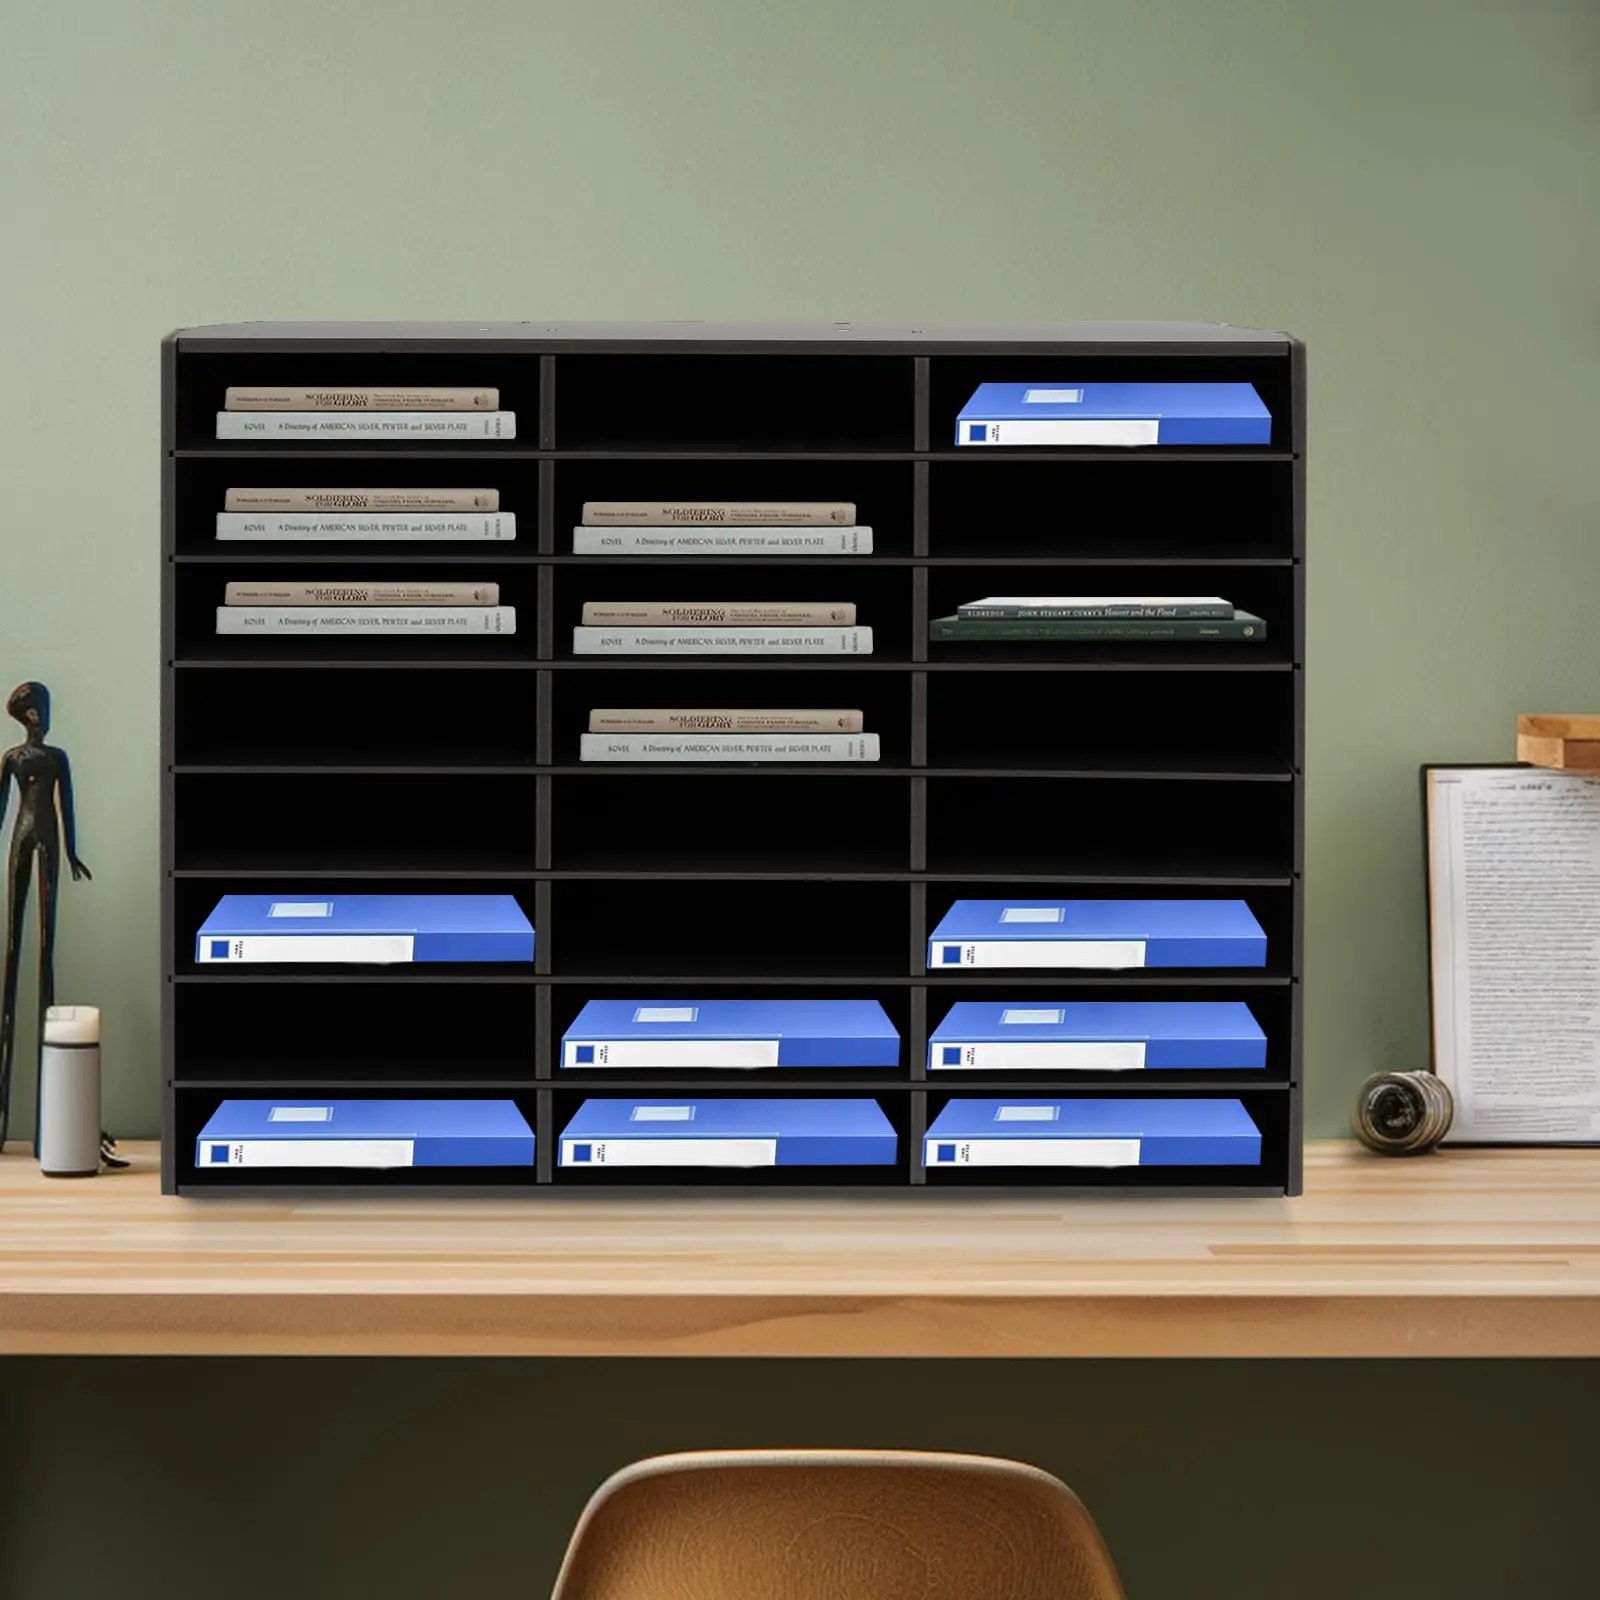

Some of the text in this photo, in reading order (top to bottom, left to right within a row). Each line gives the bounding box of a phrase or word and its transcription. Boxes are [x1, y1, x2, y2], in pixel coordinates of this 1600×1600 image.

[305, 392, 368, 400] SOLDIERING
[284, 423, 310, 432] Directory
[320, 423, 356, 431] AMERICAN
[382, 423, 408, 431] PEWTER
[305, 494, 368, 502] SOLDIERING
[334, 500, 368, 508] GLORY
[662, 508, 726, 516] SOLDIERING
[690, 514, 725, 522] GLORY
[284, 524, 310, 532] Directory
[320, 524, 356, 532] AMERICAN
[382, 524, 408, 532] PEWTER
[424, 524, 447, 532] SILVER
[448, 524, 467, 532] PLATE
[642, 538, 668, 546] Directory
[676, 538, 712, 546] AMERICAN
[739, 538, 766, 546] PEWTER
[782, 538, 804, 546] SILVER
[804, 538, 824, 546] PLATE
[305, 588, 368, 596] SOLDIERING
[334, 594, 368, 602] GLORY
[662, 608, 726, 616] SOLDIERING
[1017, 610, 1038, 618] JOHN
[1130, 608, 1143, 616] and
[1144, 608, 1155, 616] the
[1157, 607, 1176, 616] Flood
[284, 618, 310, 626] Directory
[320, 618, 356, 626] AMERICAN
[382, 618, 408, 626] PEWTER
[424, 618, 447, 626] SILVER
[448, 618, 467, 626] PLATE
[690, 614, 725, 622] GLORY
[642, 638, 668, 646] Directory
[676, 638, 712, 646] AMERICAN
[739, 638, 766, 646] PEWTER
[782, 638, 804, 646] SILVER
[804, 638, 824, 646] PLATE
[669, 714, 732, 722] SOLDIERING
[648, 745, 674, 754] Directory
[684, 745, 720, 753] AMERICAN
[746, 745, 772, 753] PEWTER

━━━━━━

- _Action item_
Write out the data exactly, and exclude every picture it holds.

- _Solution_
Some of the text in this photo, in reading order (top to bottom, left to right within a row). Each line gives the bounding box of a phrase or word and its transcription. Boxes are [x1, y1, x2, y2], in pixel coordinates of this 1600×1600 image.

[305, 392, 368, 400] SOLDIERING
[284, 423, 310, 432] Directory
[320, 423, 356, 431] AMERICAN
[382, 423, 408, 431] PEWTER
[305, 494, 368, 502] SOLDIERING
[334, 500, 368, 508] GLORY
[662, 508, 726, 516] SOLDIERING
[690, 514, 725, 522] GLORY
[284, 524, 310, 532] Directory
[320, 524, 356, 532] AMERICAN
[382, 524, 408, 532] PEWTER
[424, 524, 447, 532] SILVER
[448, 524, 467, 532] PLATE
[642, 538, 668, 546] Directory
[676, 538, 712, 546] AMERICAN
[739, 538, 766, 546] PEWTER
[782, 538, 804, 546] SILVER
[804, 538, 824, 546] PLATE
[305, 588, 368, 596] SOLDIERING
[334, 594, 368, 602] GLORY
[662, 608, 726, 616] SOLDIERING
[1017, 610, 1038, 618] JOHN
[1130, 608, 1143, 616] and
[1144, 608, 1155, 616] the
[1157, 607, 1176, 616] Flood
[284, 618, 310, 626] Directory
[320, 618, 356, 626] AMERICAN
[382, 618, 408, 626] PEWTER
[424, 618, 447, 626] SILVER
[448, 618, 467, 626] PLATE
[690, 614, 725, 622] GLORY
[642, 638, 668, 646] Directory
[676, 638, 712, 646] AMERICAN
[739, 638, 766, 646] PEWTER
[782, 638, 804, 646] SILVER
[804, 638, 824, 646] PLATE
[669, 714, 732, 722] SOLDIERING
[648, 745, 674, 754] Directory
[684, 745, 720, 753] AMERICAN
[746, 745, 772, 753] PEWTER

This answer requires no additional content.